Anthony contributes $2,800 a year to his 401(k) at work. That money comes out of his paycheck before taxes are calculated. So the IRS doesn’t see $52,000 when they look at his W-2. They see $52,000 minus $2,800 = $49,200. That’s why Box 1 of his W-2 is lower than what he actually earned.

That $49,200 is close to his Adjusted Gross Income — or AGI. AGI is gross income after certain specific deductions come off the top. The 401(k) is one. Student loan interest is another. Self-employment health insurance. A few others. These are called “above-the-line” deductions because they come off before you even reach the standard deduction.

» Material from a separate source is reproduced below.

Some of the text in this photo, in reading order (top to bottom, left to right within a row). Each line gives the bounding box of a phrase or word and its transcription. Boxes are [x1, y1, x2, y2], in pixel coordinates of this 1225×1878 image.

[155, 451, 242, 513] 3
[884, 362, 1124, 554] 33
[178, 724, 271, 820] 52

AGI matters because a lot of things in the tax code are based on it. Income limits for credits, phase-outs for deductions — many of them use AGI as the measuring stick.

Then Taxable Income

Once you have AGI, you subtract the standard deduction. For a single filer in 2025, that’s $15,000. What’s left is taxable income — the number the IRS actually uses to calculate the tax bill.

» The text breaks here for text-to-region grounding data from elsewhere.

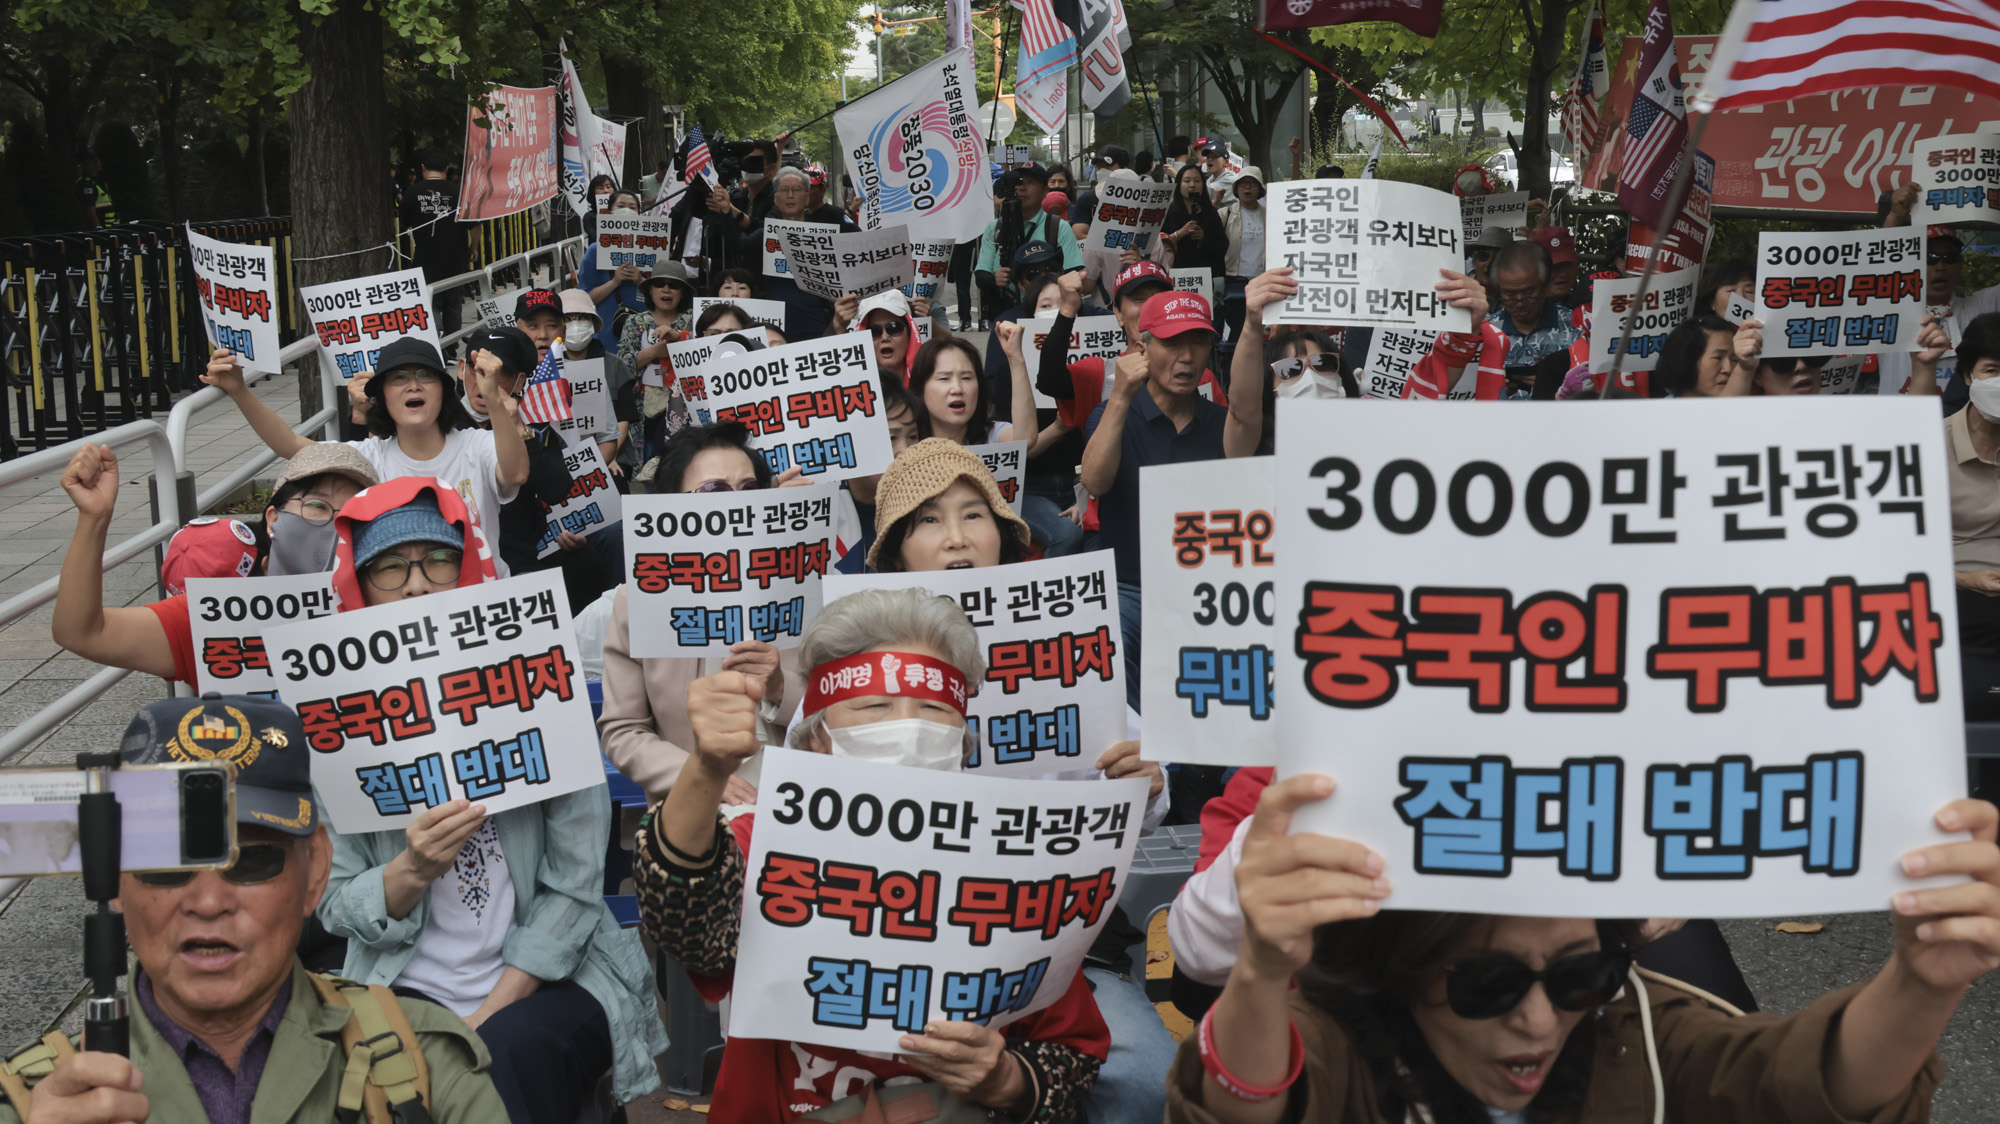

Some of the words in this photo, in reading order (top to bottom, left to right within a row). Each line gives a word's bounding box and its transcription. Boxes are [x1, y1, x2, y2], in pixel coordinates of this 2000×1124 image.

[1755, 123, 1847, 203] 관광
[1927, 147, 1976, 168] 중국인
[1106, 185, 1150, 203] 3000만
[1149, 188, 1174, 204] 관광객
[1284, 186, 1359, 213] 중국인
[1487, 202, 1525, 214] 유치보다
[1926, 186, 1986, 211] 무비자
[600, 220, 640, 232] 3000만
[641, 221, 669, 233] 관광객
[1098, 203, 1141, 226] 중국인
[600, 234, 634, 249] 중국인
[636, 235, 668, 250] 무비자
[787, 232, 834, 250] 중국인
[1104, 228, 1133, 251] 절대
[1283, 218, 1359, 246] 관광객
[1366, 219, 1457, 254] 유치보다
[1627, 243, 1672, 263] SECURTY
[1767, 242, 1862, 266] 3000만
[1866, 237, 1921, 263] 관광객
[216, 252, 267, 281] 관광객
[610, 252, 633, 266] 절대
[635, 253, 656, 268] 반대
[791, 249, 838, 268] 관광객
[841, 243, 908, 268] 유치보다
[1283, 251, 1358, 279] 자국민
[798, 264, 841, 286] 자국민
[802, 279, 844, 299] 안전이
[1178, 276, 1203, 287] 관광객
[1762, 274, 1845, 309] 중국인
[1848, 269, 1923, 306] 무비자
[214, 282, 270, 322] 무비자
[308, 288, 361, 313] 3000만
[366, 277, 420, 306] 관광객
[480, 301, 499, 317] 중국인
[1164, 300, 1178, 313] STOP
[1179, 298, 1190, 307] THE
[1365, 288, 1447, 318] 먼저다!
[218, 324, 255, 361] 반대
[315, 316, 360, 347] 중국인
[361, 304, 428, 335] 무비자
[1084, 330, 1128, 349] 관광객
[1381, 330, 1433, 355] 관광객
[1785, 314, 1840, 348] 절대
[1844, 313, 1899, 346] 반대
[335, 351, 366, 379] 절대
[711, 358, 789, 396] 3000만
[795, 344, 868, 381] 관광객
[1375, 353, 1415, 377] 자국
[787, 380, 877, 429] 무비자
[758, 443, 790, 475] 대
[793, 432, 857, 476] 반대
[1305, 448, 1688, 547] 3000만
[1711, 443, 1927, 542] 관광객
[561, 502, 604, 535] 반대
[633, 505, 755, 538] 3000만
[762, 496, 832, 533] 관광객
[634, 548, 741, 593] 중국인
[747, 538, 832, 586] 무비자
[200, 587, 333, 622] 3000만
[1006, 569, 1109, 624] 관광객
[281, 615, 439, 681] 3000만
[449, 589, 558, 652] 관광객
[671, 605, 743, 647] 절대
[749, 596, 804, 645] 반대
[987, 625, 1115, 692] 무비자
[1294, 580, 1628, 713] 중국인
[1646, 572, 1943, 713] 무비자
[820, 663, 872, 695] 이재명
[904, 663, 944, 692] 투쟁
[1175, 644, 1275, 721] 무비
[296, 677, 435, 754] 중국인
[439, 644, 575, 723] 무비자
[988, 703, 1081, 765] 반대
[356, 755, 450, 817] 절대
[454, 727, 550, 801] 반대
[772, 781, 978, 853] 3000만
[991, 801, 1131, 857] 관광객
[1395, 754, 1624, 882] 절대
[1644, 749, 1865, 880] 반대
[756, 851, 940, 942] 중국인
[949, 866, 1116, 946] 무비자
[804, 955, 933, 1034] 절대
[941, 956, 1051, 1027] 반대

💵 Anthony’s Income — Step by Step
Total wages + bonus (Gross Income)$52,000
Minus 401(k) contribution− $2,800
= Adjusted Gross Income (AGI)$49,200
Minus standard deduction (single, 2025)− $15,000
= Taxable Income — what the IRS taxes him on$34,600

Anthony earned $52,000. His tax is calculated on $34,600. That’s a $17,400 difference — income that doesn’t get taxed because of his retirement contribution and his standard deduction. That’s real money saved by knowing how the system works.

Why Clients Get Confused

Clients walk in with their W-2 and see a number in Box 1. They assume that’s what gets taxed. Then they see a lower number on the tax return and think something is wrong. Or they see the word “income” in three different places with three different numbers and don’t know which one to trust.

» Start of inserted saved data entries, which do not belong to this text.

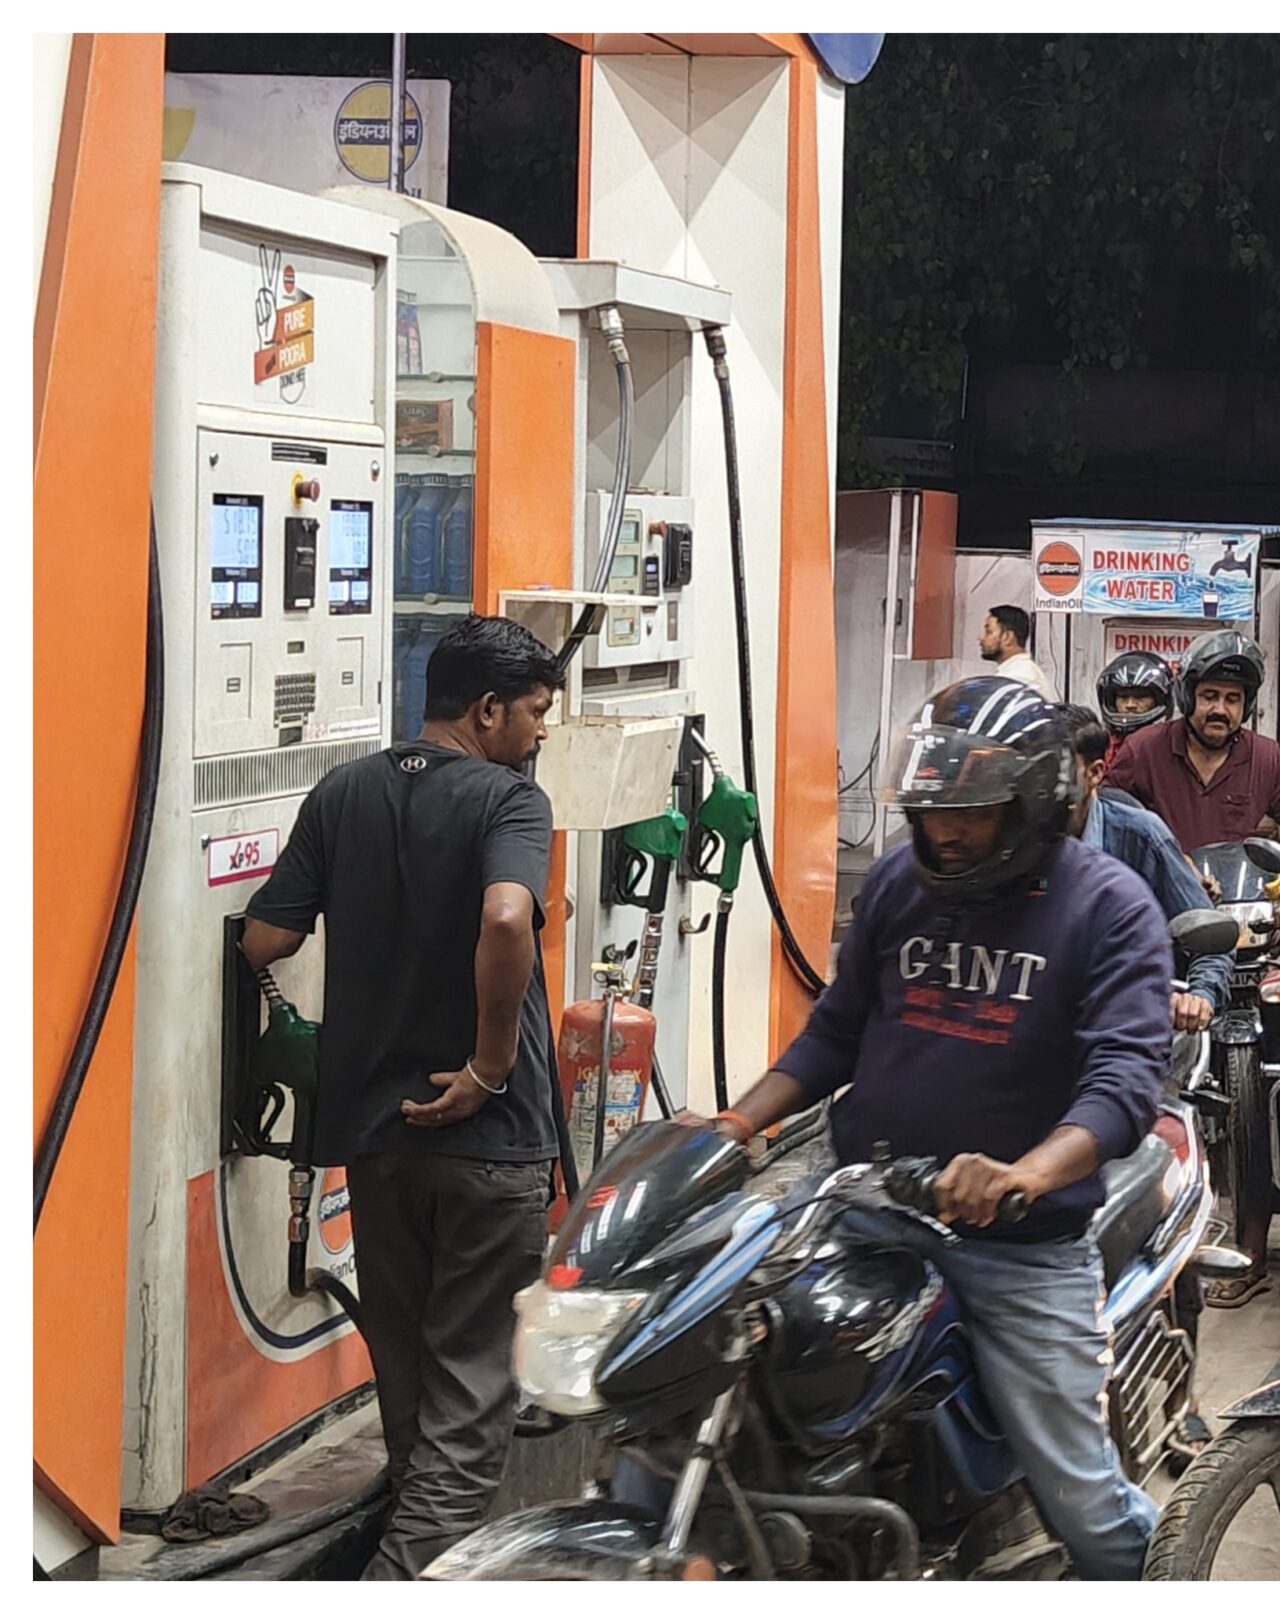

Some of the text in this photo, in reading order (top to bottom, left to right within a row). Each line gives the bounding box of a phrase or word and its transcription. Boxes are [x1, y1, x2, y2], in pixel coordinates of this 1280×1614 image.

[284, 306, 306, 334] PURE
[1093, 550, 1190, 572] DRINKING
[1106, 579, 1175, 600] WATER
[1036, 598, 1083, 609] IndianOil
[1115, 633, 1197, 652] DRINKIN
[900, 936, 1047, 1001] GANT

Your job is to point to the right box and explain what each number means in one sentence.

💬 Anthony and the Three Numbers
🚫
Anthony
Why does my W-2 say $49,200 if I made $52,000?
RM
Ralph
Because your 401(k) comes out before taxes. Amazon pulled $2,800 into your retirement account before calculating your withholding — so the IRS only sees $49,200 as your wages.
🚫
Anthony
Okay. And then the return says my taxable income is $34,600. Where did the rest go?
RM
Ralph
The standard deduction. The IRS lets every single filer subtract $15,000 from their income before calculating the tax. It’s automatic — you don’t have to do anything special to get it. So $49,200 minus $15,000 is $34,600. That’s the number your tax is actually calculated on.
🚫
Anthony
So I’m not paying tax on $52,000?
RM
Ralph
Not even close. You’re paying tax on $34,600. Big difference.
🏢
Real Office Scenario
A client hands you their W-2. Box 1 says $38,400. They tell you they made $45,000. Both numbers can be right. The $45,000 is their gross pay. The $38,400 is after pre-tax deductions — maybe a 401(k), maybe health insurance premiums, maybe an HSA contribution. Before you enter anything, ask: “Do you contribute to a retirement account or have anything else coming out of your check pre-tax?” Understanding the gap between what they made and what Box 1 shows is part of the intake process.
⚠️
Common Beginner Mistake
Telling a client their tax is calculated on their gross income. It’s not. Tax is calculated on taxable income — which is almost always significantly lower. When a client hears “you made $52,000” and then sees a tax bill, they often assume they’re paying tax on the full $52,000. Show them the actual taxable income number so they understand what’s really happening.
🕐
Slow Down & Ask Questions
Before you start entering any numbers, make sure you understand which income number you’re looking at. Gross? AGI? Taxable? They all mean something different and they all show up at different points in the return. Know which is which before you start.
📋 From the Desk of Ralph Martinez
I explain gross vs. taxable income to almost every new client I see. Most people have been filing taxes for years without understanding that the number they pay tax on is not the number on their paycheck. When you show them the actual calculation — right there on the screen — something clicks. They trust you more because you explained it.